India: la rivolta popolare di Bangalore contro il concorso di Miss mondo
(che fare, n. 41, dicembre 1996)
Se i giornali borghesi si sono ingegnati a sottolineare i caratteri "fondamentalisti e tradizionalisti" della rivolta popolare di Bangalore contro il concorso di Miss mondo, noi comunisti, invece, la salutiamo come un segno della rinascita del protagonismo delle masse femminili. Un protagonismo che in questo caso si è scagliato contro quel "mercato internazionale della carne e del sesso" che sono i concorsi di bellezza, ma che ha avuto anche una chiara valenza anti-imperialista. Le donne indiane, infatti, hanno definito quel concorso "uno strumento dell'invasione culturale dell'Occidente, un'offesa alla condizione della donna, un oltraggio alla povertà di milioni di persone". Motivi anti-imperialisti, motivi di lotta alla mercificazione dell'essere umano-donna, motivi classisti, dunque, sebbene si innesti su di essi un tentativo tradizionalista e reazionario di cavalcarli per deviarli e spegnerli. L'estensione e la radicalizzazione del protagonismo delle donne indiane che noi sommamente ci auguriamo e che già oggi lancia un potente segnale alle donne bianche, sarà in grado di fare i conti anche con le tradizioni maschiliste e fondamentaliste.
Albania: lo sciopero delle operaie dell'Abaco Shoes
(che fare, n. 41, dicembre 1996)
Articolo di denuncia dell'opera di rapina e di supersfruttamento delle aziende italiane in Albania, dove la presunta missione "umanitaria" Pellicano altro non è stata che un'operazione militare finalizzata ad aprire le porte di Tirana agli squali dell'imprenditoria italiana.

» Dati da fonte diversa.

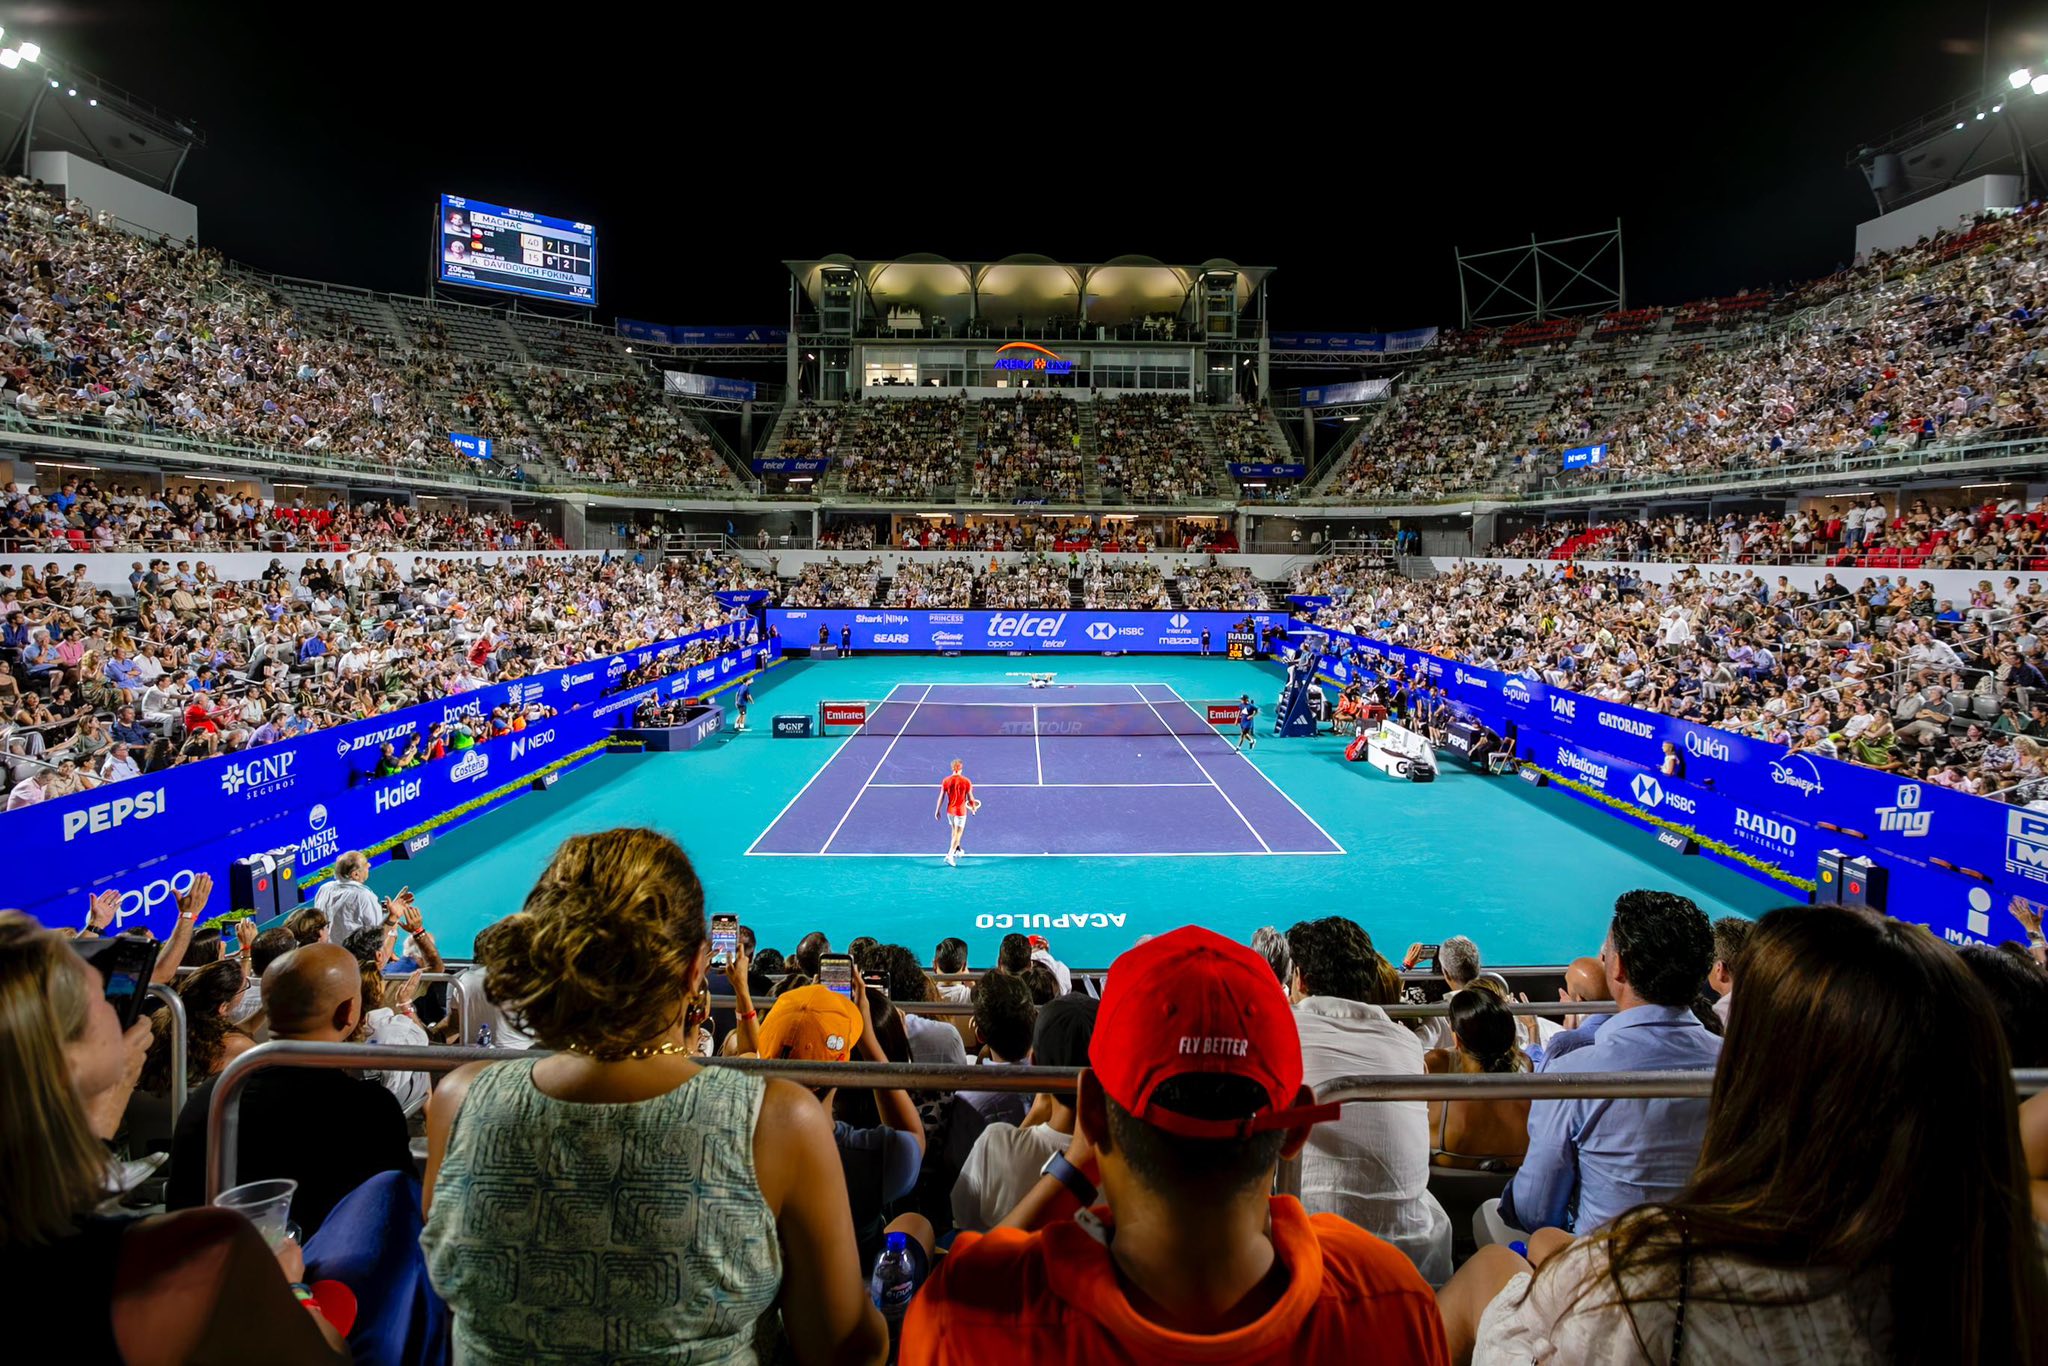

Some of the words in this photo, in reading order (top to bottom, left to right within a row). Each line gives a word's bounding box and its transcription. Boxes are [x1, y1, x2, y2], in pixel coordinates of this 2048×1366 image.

Rapina e superfruttamento a cui si accompagna anche il tentativo di umiliare i corpi e la dignità delle donne albanesi. La lotta delle operaie della Abaco Shoes si è levata proprio contro questo infame intreccio. Noi l'abbiamo salutata con entusiasmo come un messaggio lanciato a tutte le donne albanesi e italiane: fondere la ribellione contro l'oppressione femminile con la battaglia di classe contro l'opera di rapina e di sfruttamento del "civile" Occidente.
Donna e Islam
(che fare, n. 41, dicembre 1996)
La propaganda imperialista presenta la condizione delle donne islamiche come il risultato di barbare usanze dettate dalla religione e dai costumi islamici, e ha l'impudenza di affermare che solo l'Occidente può liberarle. Al contrario, la prima fonte dell'oppressione delle donne islamiche, come degli sfruttati islamici, è proprio l'imperialismo occidentale, che ha protetto e funzionalizzato a sé le sopravvivenze del patriarcalismo tribale o semi-feudale (vedi Afghanistan, Arabia Saudita, Kuwait); un'oppressione che le borghesie nazionali dei paesi islamici sono incapaci e impossibilitate a tagliare alla radice, perché anch'esse ne vivono.

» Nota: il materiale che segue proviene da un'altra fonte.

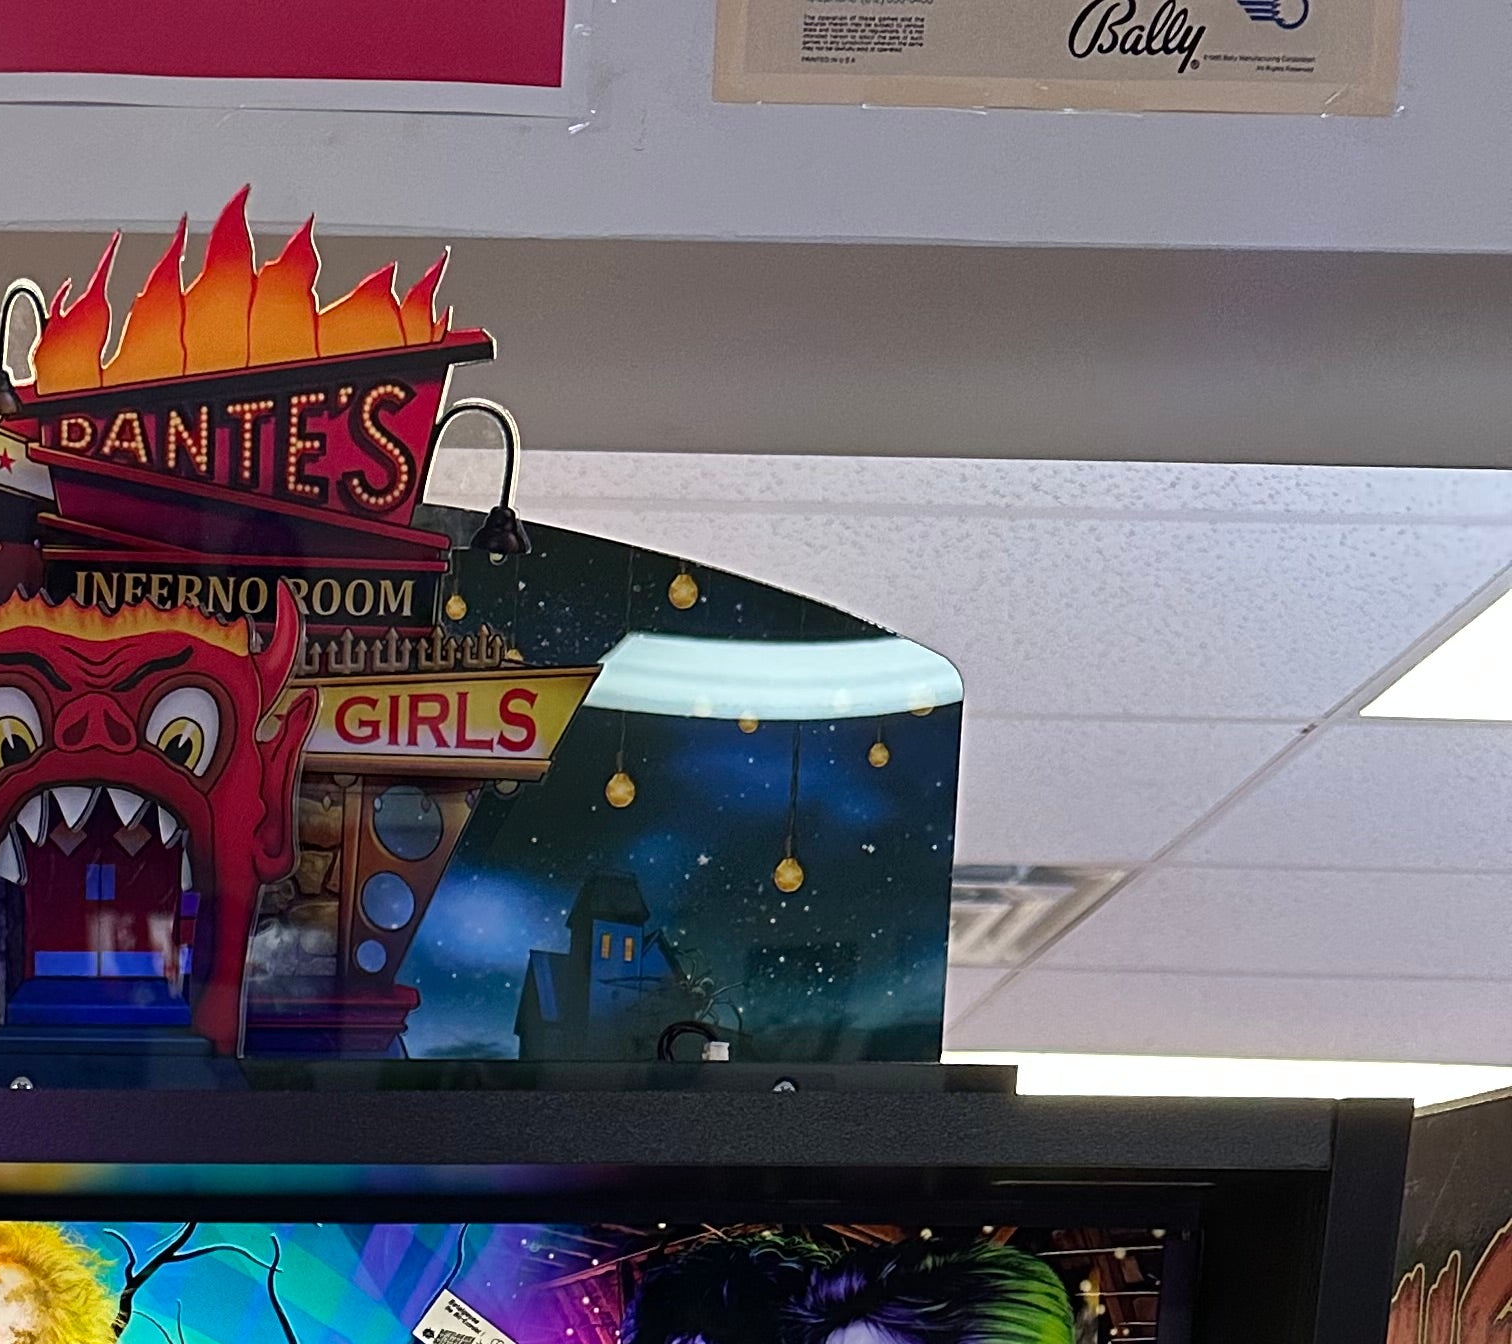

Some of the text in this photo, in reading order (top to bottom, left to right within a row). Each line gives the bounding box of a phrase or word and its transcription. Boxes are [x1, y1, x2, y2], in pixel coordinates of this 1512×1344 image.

[1068, 0, 1206, 74] Bally
[59, 381, 414, 512] DANTE'S
[333, 686, 541, 753] GIRLS

Per quel che attiene alla religione islamica, è un fatto storico che l'islamismo delle origini contribuì al miglioramento della condizione e della considerazione sociale della donna. Quanto invece al tempo presente, distinguiamo diversi Islam, che presentano caratteri differenti anche in ordine alla condizione della donna. C'è un Islam del patriarcalismo tribale, un Islam riformatore blandamente nazionalista, un Islam "rivoluzionario" e "anti-imperialista". Essi hanno relazioni molto differenti con l'imperialismo e attitudini differenziate nei confronti della donna, ma nessuno è un compagno di strada del movimento proletario e può portare ad una vera emancipazione della donna. Il riscatto delle donne islamiche, infatti, è legato al totale sbaraccamento dei vecchi rapporti sociali, alla rivoluzione sociale anti-imperialista e anti-capitalista, che non è nei programmi né nelle possibilità di nessuna forma dell'islamismo. Nessun avanzamento delle donne islamiche è possibile al di fuori di questo processo rivoluzionario, e dunque al di fuori del moto anti-imperialista degli sfruttati islamici. Lo dimostra la storia, lo ha dimostrato la rivoluzione russa e il ciclo rivoluzionario di inizio secolo.
A corredo dell'articolo viene pubblicato il testo dell'intervento della compagna Nadja, delegata turca al 1 ° Congresso dei Popoli dell'Oriente, tenutosi a Baku nel settembre del 1920.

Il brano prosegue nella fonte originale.